Proposals to fund high-visibility government functions such as the Department of Veterans Affairs and National Park Service are gimmicks designed to make the shutdown more palatable while ignoring the shutdown's less visible, more significant harms to some of our nation's most vulnerable. For example, Head Start, shuttered until Congress passes a bill authorizing funding for Fiscal Year 2014, makes a proven difference in children's lives. The work of important agencies including the Environmental Protection Agency, the Food and Drug Administration, and dozens of others has been disrupted. Refusing to fund the government is a dumb approach to fiscal austerity that harms most Americans.
The real issue, however, is not strictly or primarily fiscal. The real issue is that a small group of Republican Representatives, all affiliated with the Tea Party movement, is holding the government and the nation hostage. Those Representatives, and the voters who elected them, oppose the Affordable Care Act (aka Obamacare). Partisanship in Congress has sunk to the point where the majority party in the House of Representatives refuses to allow a vote on any resolution or motion for which the majority party, by itself, cannot guarantee the outcome. Although the Tea Party affiliated Representatives are all members of the majority (i.e., Republicans), the Tea Party Representatives comprise less than 15% of the House and less than 30% of the majority. In other words, a relative handful of Representatives are holding the government and nation hostage in an attempt to impose their will on the majority.

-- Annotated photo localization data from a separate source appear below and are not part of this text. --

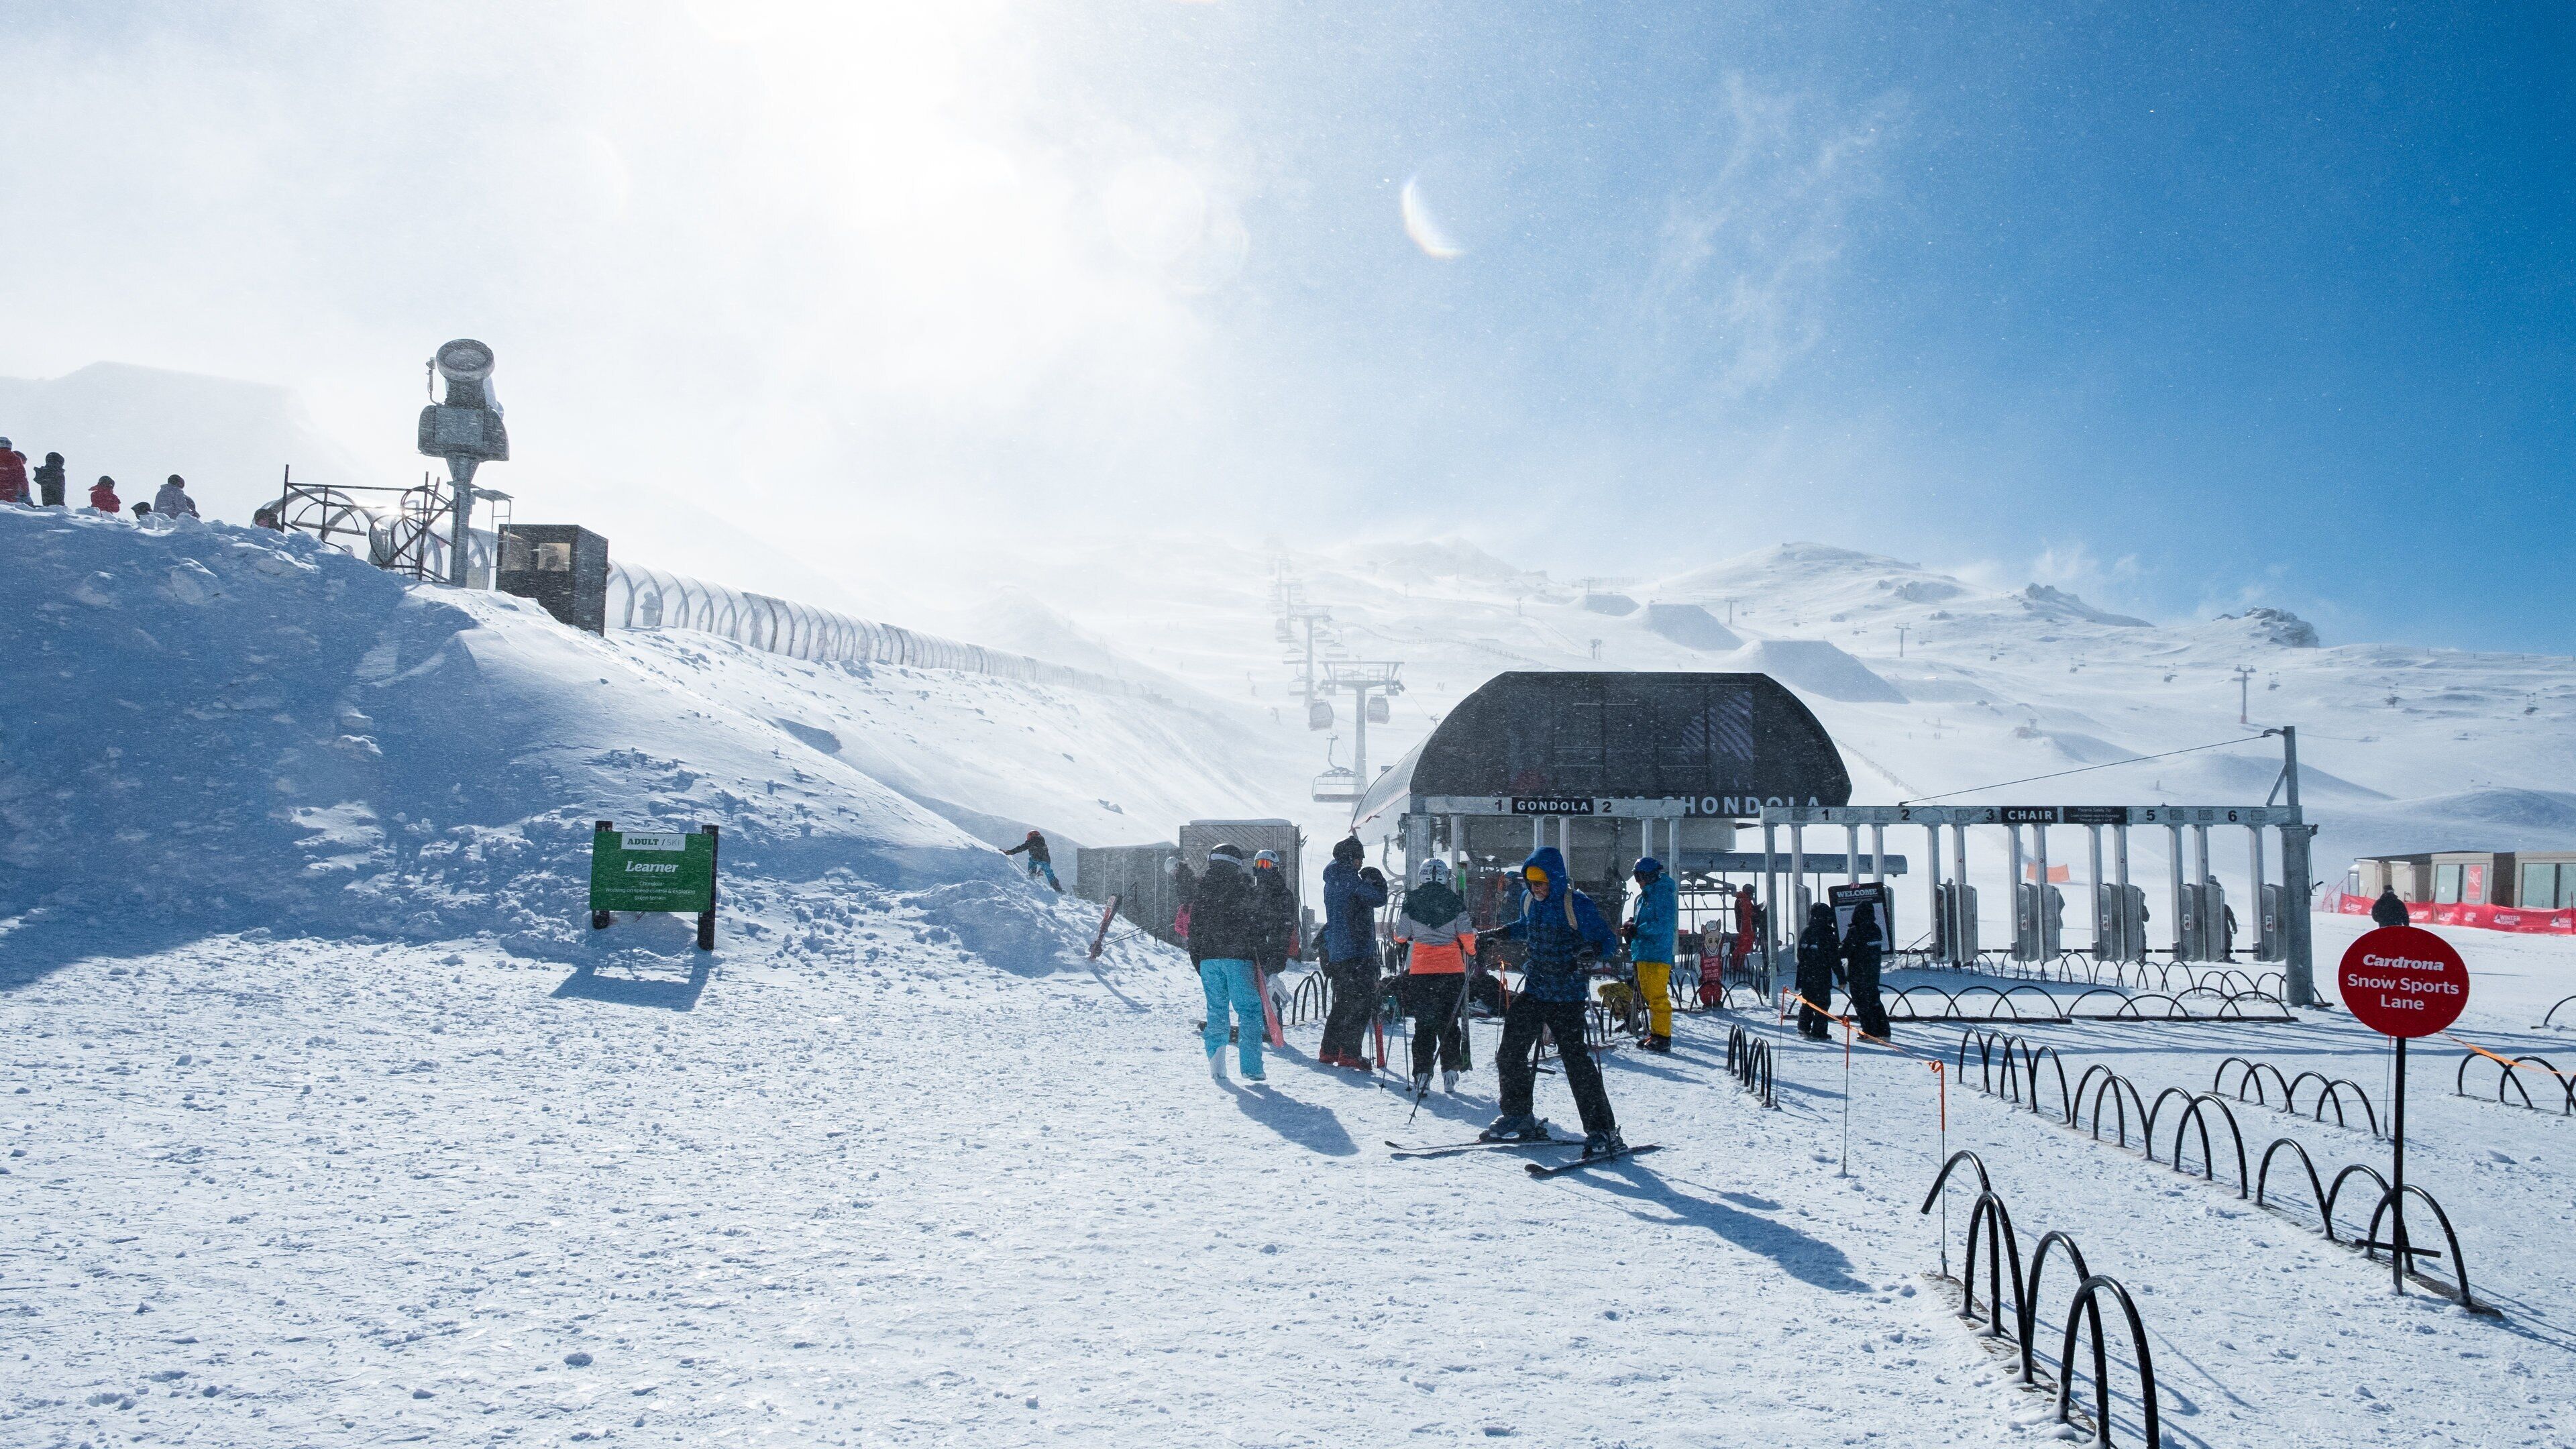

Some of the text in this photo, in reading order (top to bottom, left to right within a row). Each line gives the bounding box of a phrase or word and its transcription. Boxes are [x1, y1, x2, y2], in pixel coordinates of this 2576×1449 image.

[1495, 799, 1612, 813] 1 GONDOLA 2
[1662, 796, 1819, 814] HONDOA
[1821, 808, 2237, 822] 1 2 3 CHAIR 5 6
[627, 838, 659, 846] ADULT
[625, 861, 679, 873] Learner
[1708, 860, 1714, 868] 1
[1739, 861, 1746, 869] 2
[1837, 888, 1878, 898] WELCOME
[2363, 954, 2445, 971] Cardrona
[2347, 973, 2460, 995] Snow Sports
[2381, 994, 2424, 1010] Lane

Living in a democracy occasionally requires accepting decisions with which one strongly disagrees. In prior Ethical Musings posts, I have argued for gun control, against the wars in Iraq and Afghanistan, for broadened access to healthcare and abortion, for gay marriage, and other positions at odds with the law of the land. Yet I abide by the law. I willingly pay my taxes, although I know that conceptually some small part of those tax dollars will fund programs with which I vehemently disagree. A nation in which people demand on having their own way, refuse to compromise, and are unwilling to live with laws and policies with which they disagree, ceases to be a functional nation.
The United States is rapidly heading toward dysfunction. Indeed, some people would contend that the U.S. has already reached that sad state of affairs when government's basic machinery has ceased to work.

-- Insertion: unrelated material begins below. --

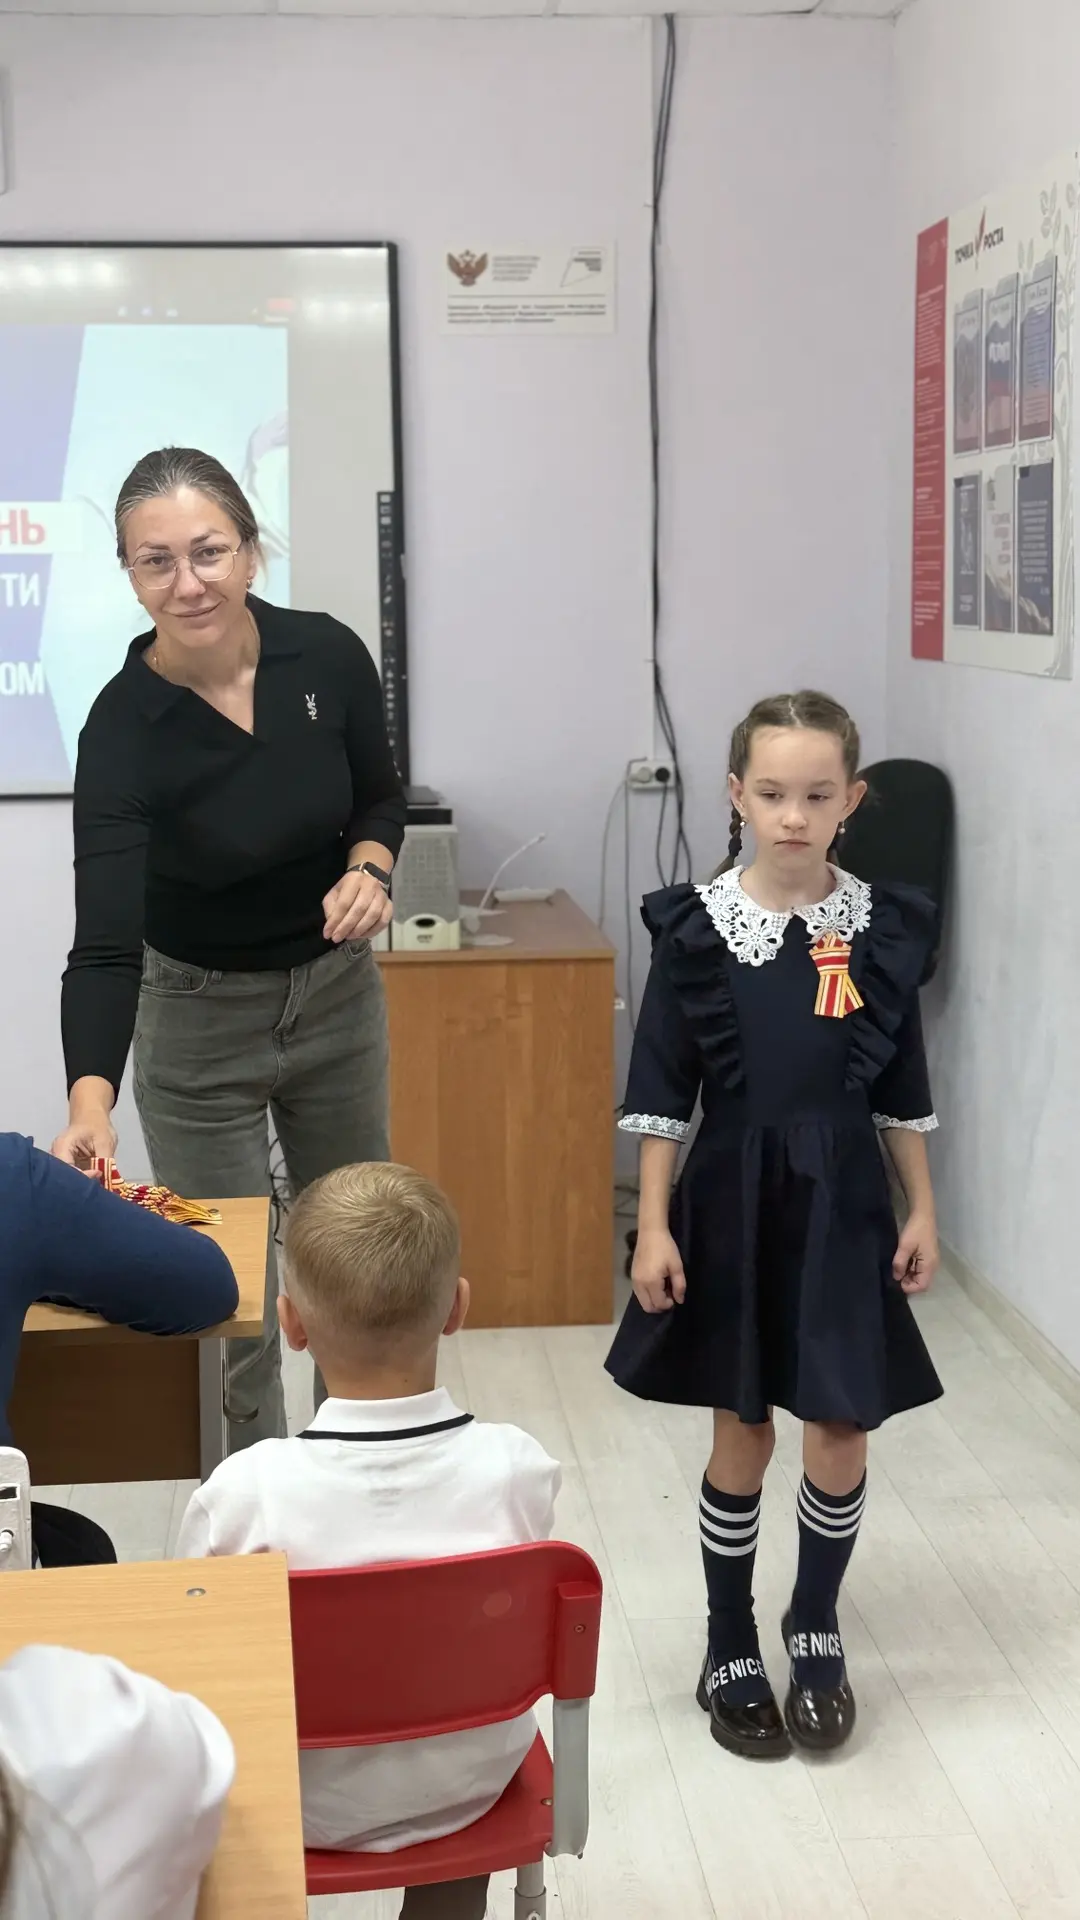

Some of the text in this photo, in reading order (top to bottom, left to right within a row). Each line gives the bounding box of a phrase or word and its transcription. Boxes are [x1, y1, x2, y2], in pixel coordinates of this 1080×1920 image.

[0, 572, 40, 607] ТИ
[0, 661, 45, 696] ОМ
[810, 1631, 842, 1657] NICE
[729, 1657, 766, 1681] NICE

In two weeks, economic difficulties will become worse. The U.S. will reach its debt ceiling, the amount of money that the nation can legally borrow. The deficit has exploded over the last couple of decades, and especially the last two presidential administrations. Both political parties are responsible. President George W. Bush was wrong to fund the wars in Iraq and Afghanistan entirely through debt (I think he knew that additional taxes to pay for the wars would never pass Congress) and concurrently to cut taxes. President Obama was wrong to rely so heavily on debt to finance programs designed to reverse the steep increase in unemployment that occurred during the Great Recession. Congress was complicit in all of those decisions.
In the short run, the government's only viable option is to raise the debt ceiling. In the longer run, Americans must pay more taxes to fund government adequately and we must eliminate wasteful government spending while continuing to provide important services, e.g., stop throwing money down the drain in Iraq and Afghanistan but continue to ensure that we have a strong social safety net in this country.
Linking issues – such as funding the government, healthcare legislation, and the debt ceiling – seems certain to make difficult problems more intractable. Grand solutions that simultaneously solve multiple problems are almost assuredly impossible in today's highly partisan, acrimonious political climate. Instead, we may make more progress by looking to parse larger issues into smaller problems, seeking agreement where that can be found and agreeing to compromises elsewhere.
Sadly, failing to find a path forward places the U.S. on a par with other dysfunctional nations in which democracy, perhaps for other reasons, does not exist or does not work, e.g., Russia, Italy, and Mexico.
Congress works for us. Tell them to do their job, to fund the government, to preserve democracy, and to model good citizenship for the rest of us.